Image-backed grounding data -
______

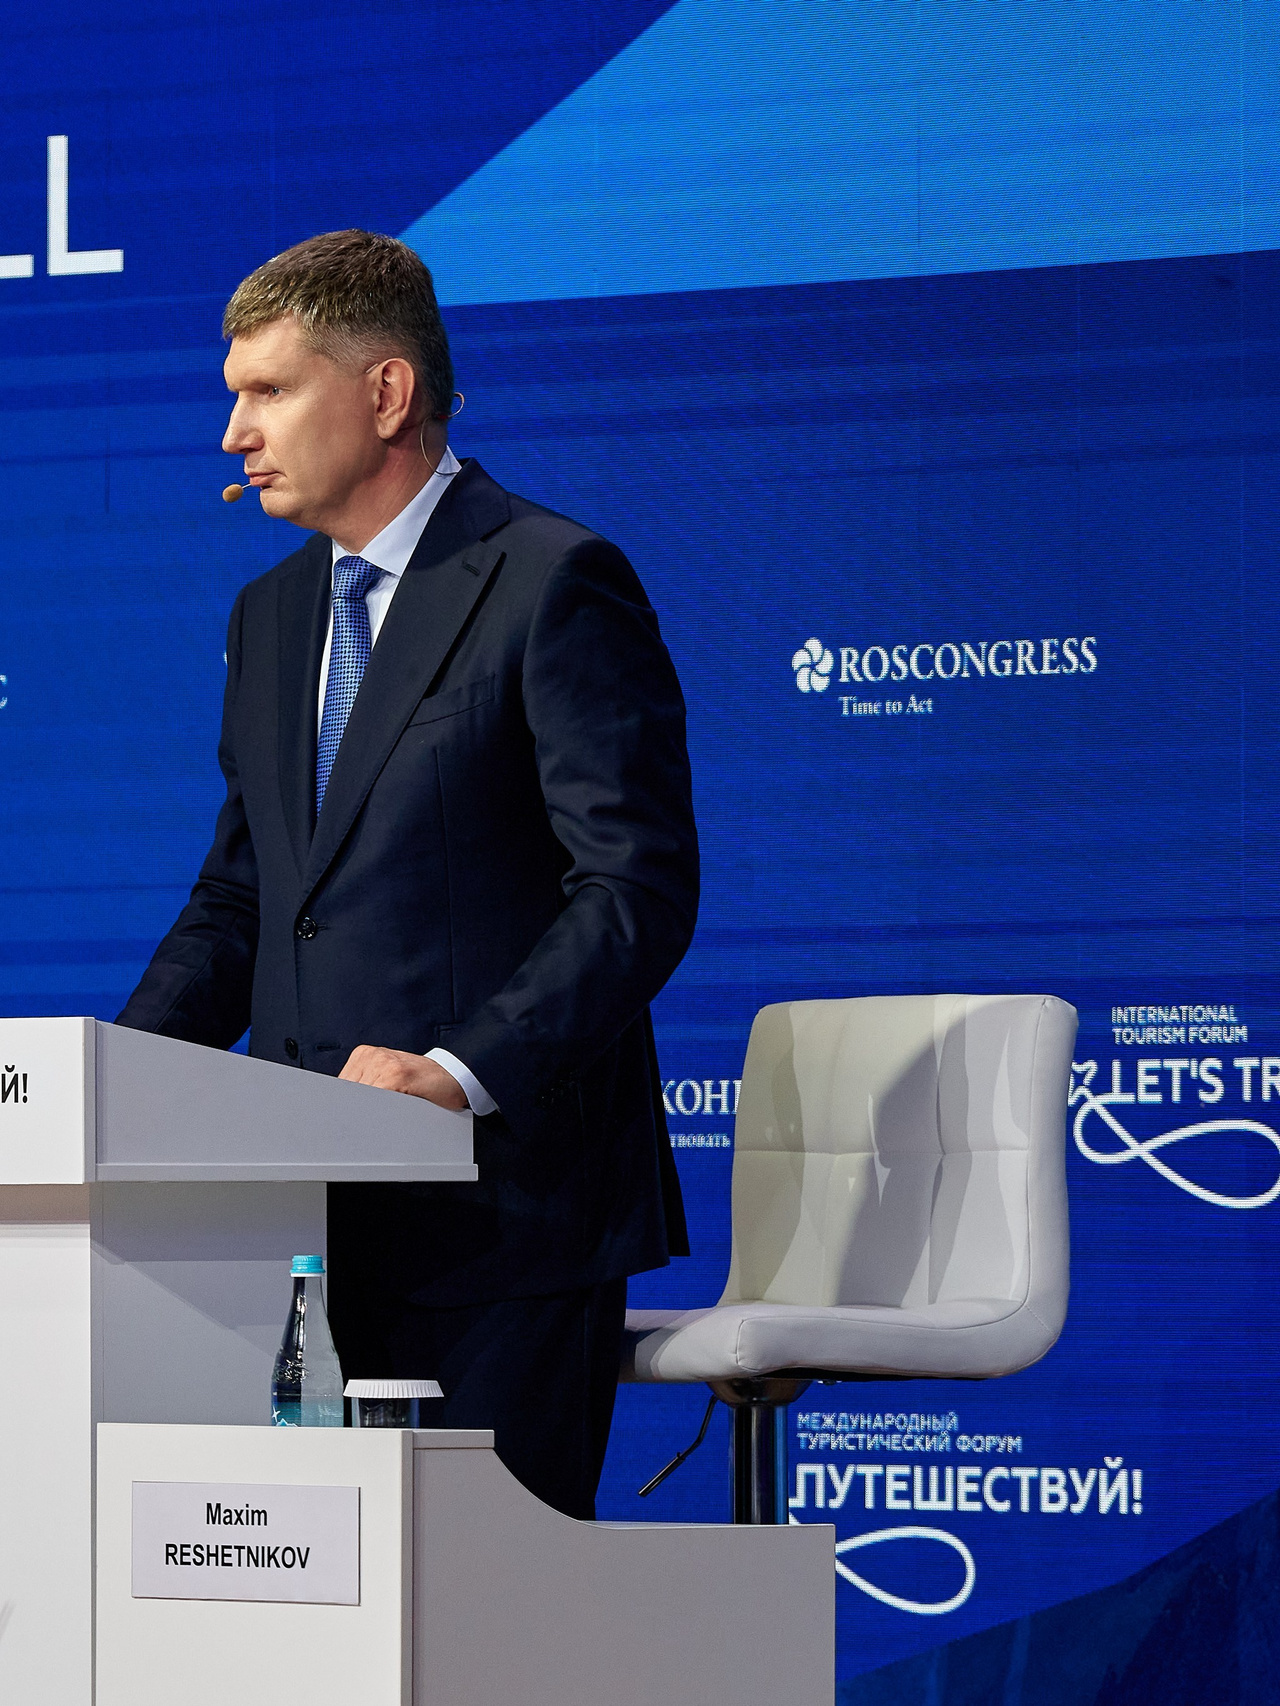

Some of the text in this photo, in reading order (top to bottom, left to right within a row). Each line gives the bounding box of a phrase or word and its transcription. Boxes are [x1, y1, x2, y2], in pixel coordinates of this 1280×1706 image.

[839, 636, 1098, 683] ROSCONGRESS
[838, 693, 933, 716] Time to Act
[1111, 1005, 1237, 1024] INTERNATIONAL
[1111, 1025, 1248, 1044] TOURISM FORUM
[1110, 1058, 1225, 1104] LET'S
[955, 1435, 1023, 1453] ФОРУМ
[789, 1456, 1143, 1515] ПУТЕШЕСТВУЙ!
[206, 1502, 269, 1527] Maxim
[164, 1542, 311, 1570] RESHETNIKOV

______

WHAT IS REQUIRED - The entries are to be printed exactly as written; the pictures are to be left out.

WRITTEN REPLY -
Some of the text in this photo, in reading order (top to bottom, left to right within a row). Each line gives the bounding box of a phrase or word and its transcription. Boxes are [x1, y1, x2, y2], in pixel coordinates of this 1280×1706 image.

[839, 636, 1098, 683] ROSCONGRESS
[838, 693, 933, 716] Time to Act
[1111, 1005, 1237, 1024] INTERNATIONAL
[1111, 1025, 1248, 1044] TOURISM FORUM
[1110, 1058, 1225, 1104] LET'S
[955, 1435, 1023, 1453] ФОРУМ
[789, 1456, 1143, 1515] ПУТЕШЕСТВУЙ!
[206, 1502, 269, 1527] Maxim
[164, 1542, 311, 1570] RESHETNIKOV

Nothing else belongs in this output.